Referring expression grounding data
+ + +
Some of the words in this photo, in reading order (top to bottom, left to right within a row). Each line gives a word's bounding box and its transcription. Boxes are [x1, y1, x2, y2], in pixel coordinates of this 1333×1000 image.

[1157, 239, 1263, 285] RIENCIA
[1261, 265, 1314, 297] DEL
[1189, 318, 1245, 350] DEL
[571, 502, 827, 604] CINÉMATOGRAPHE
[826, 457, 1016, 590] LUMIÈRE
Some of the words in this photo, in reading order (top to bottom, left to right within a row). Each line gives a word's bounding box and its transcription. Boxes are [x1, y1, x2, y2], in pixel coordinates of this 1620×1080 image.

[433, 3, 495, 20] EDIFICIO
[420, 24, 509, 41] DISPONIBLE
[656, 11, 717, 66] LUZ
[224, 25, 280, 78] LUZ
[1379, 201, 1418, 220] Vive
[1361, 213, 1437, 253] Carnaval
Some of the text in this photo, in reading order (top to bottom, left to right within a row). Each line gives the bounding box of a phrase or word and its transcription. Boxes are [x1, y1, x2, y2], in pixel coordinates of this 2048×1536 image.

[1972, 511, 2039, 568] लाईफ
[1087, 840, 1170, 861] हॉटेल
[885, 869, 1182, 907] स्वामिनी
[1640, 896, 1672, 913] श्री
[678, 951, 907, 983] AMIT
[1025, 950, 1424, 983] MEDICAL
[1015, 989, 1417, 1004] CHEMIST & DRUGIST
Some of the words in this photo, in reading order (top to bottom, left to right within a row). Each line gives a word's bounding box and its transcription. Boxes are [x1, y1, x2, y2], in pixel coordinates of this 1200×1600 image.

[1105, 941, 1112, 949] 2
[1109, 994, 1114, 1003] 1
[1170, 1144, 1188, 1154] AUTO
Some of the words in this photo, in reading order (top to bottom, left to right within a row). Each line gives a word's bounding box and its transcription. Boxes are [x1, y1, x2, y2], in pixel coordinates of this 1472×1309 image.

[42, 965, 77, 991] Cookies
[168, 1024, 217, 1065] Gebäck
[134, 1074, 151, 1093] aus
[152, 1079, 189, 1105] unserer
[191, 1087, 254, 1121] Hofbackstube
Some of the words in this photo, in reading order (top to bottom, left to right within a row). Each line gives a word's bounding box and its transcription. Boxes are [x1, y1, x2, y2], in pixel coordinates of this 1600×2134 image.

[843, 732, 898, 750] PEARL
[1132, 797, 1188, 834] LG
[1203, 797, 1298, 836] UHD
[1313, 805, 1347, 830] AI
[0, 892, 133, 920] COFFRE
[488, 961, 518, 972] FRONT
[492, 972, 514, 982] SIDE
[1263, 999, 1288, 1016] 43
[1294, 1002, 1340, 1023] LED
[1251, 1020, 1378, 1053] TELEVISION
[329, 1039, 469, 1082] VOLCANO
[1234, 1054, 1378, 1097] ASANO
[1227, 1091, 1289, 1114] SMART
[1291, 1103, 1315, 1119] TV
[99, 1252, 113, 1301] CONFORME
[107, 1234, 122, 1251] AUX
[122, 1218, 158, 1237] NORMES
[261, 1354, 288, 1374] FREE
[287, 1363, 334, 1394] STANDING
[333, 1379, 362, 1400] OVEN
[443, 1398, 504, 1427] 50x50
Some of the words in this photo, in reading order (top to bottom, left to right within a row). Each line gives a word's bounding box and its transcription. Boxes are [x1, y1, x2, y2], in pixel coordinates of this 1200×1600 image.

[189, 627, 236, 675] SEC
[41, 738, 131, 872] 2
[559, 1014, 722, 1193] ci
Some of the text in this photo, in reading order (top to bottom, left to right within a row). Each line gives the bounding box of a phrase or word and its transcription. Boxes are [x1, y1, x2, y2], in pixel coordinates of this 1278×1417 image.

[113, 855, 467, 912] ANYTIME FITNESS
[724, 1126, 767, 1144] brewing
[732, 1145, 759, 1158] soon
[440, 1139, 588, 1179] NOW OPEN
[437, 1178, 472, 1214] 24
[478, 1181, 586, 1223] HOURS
+ + +
_Task prompt:_ The data should be transcribed exactly, line for line.

_Answer for this exercise:_
Some of the words in this photo, in reading order (top to bottom, left to right within a row). Each line gives a word's bounding box and its transcription. Boxes are [x1, y1, x2, y2], in pixel coordinates of this 1333×1000 image.

[1157, 239, 1263, 285] RIENCIA
[1261, 265, 1314, 297] DEL
[1189, 318, 1245, 350] DEL
[571, 502, 827, 604] CINÉMATOGRAPHE
[826, 457, 1016, 590] LUMIÈRE
Some of the words in this photo, in reading order (top to bottom, left to right within a row). Each line gives a word's bounding box and its transcription. Boxes are [x1, y1, x2, y2], in pixel coordinates of this 1620×1080 image.

[433, 3, 495, 20] EDIFICIO
[420, 24, 509, 41] DISPONIBLE
[656, 11, 717, 66] LUZ
[224, 25, 280, 78] LUZ
[1379, 201, 1418, 220] Vive
[1361, 213, 1437, 253] Carnaval
Some of the text in this photo, in reading order (top to bottom, left to right within a row). Each line gives the bounding box of a phrase or word and its transcription. Boxes are [x1, y1, x2, y2], in pixel coordinates of this 2048×1536 image.

[1972, 511, 2039, 568] लाईफ
[1087, 840, 1170, 861] हॉटेल
[885, 869, 1182, 907] स्वामिनी
[1640, 896, 1672, 913] श्री
[678, 951, 907, 983] AMIT
[1025, 950, 1424, 983] MEDICAL
[1015, 989, 1417, 1004] CHEMIST & DRUGIST
Some of the words in this photo, in reading order (top to bottom, left to right within a row). Each line gives a word's bounding box and its transcription. Boxes are [x1, y1, x2, y2], in pixel coordinates of this 1200×1600 image.

[1105, 941, 1112, 949] 2
[1109, 994, 1114, 1003] 1
[1170, 1144, 1188, 1154] AUTO
Some of the words in this photo, in reading order (top to bottom, left to right within a row). Each line gives a word's bounding box and its transcription. Boxes are [x1, y1, x2, y2], in pixel coordinates of this 1472×1309 image.

[42, 965, 77, 991] Cookies
[168, 1024, 217, 1065] Gebäck
[134, 1074, 151, 1093] aus
[152, 1079, 189, 1105] unserer
[191, 1087, 254, 1121] Hofbackstube
Some of the words in this photo, in reading order (top to bottom, left to right within a row). Each line gives a word's bounding box and its transcription. Boxes are [x1, y1, x2, y2], in pixel coordinates of this 1600×2134 image.

[843, 732, 898, 750] PEARL
[1132, 797, 1188, 834] LG
[1203, 797, 1298, 836] UHD
[1313, 805, 1347, 830] AI
[0, 892, 133, 920] COFFRE
[488, 961, 518, 972] FRONT
[492, 972, 514, 982] SIDE
[1263, 999, 1288, 1016] 43
[1294, 1002, 1340, 1023] LED
[1251, 1020, 1378, 1053] TELEVISION
[329, 1039, 469, 1082] VOLCANO
[1234, 1054, 1378, 1097] ASANO
[1227, 1091, 1289, 1114] SMART
[1291, 1103, 1315, 1119] TV
[99, 1252, 113, 1301] CONFORME
[107, 1234, 122, 1251] AUX
[122, 1218, 158, 1237] NORMES
[261, 1354, 288, 1374] FREE
[287, 1363, 334, 1394] STANDING
[333, 1379, 362, 1400] OVEN
[443, 1398, 504, 1427] 50x50
Some of the words in this photo, in reading order (top to bottom, left to right within a row). Each line gives a word's bounding box and its transcription. Boxes are [x1, y1, x2, y2], in pixel coordinates of this 1200×1600 image.

[189, 627, 236, 675] SEC
[41, 738, 131, 872] 2
[559, 1014, 722, 1193] ci
Some of the text in this photo, in reading order (top to bottom, left to right within a row). Each line gives the bounding box of a phrase or word and its transcription. Boxes are [x1, y1, x2, y2], in pixel coordinates of this 1278×1417 image.

[113, 855, 467, 912] ANYTIME FITNESS
[724, 1126, 767, 1144] brewing
[732, 1145, 759, 1158] soon
[440, 1139, 588, 1179] NOW OPEN
[437, 1178, 472, 1214] 24
[478, 1181, 586, 1223] HOURS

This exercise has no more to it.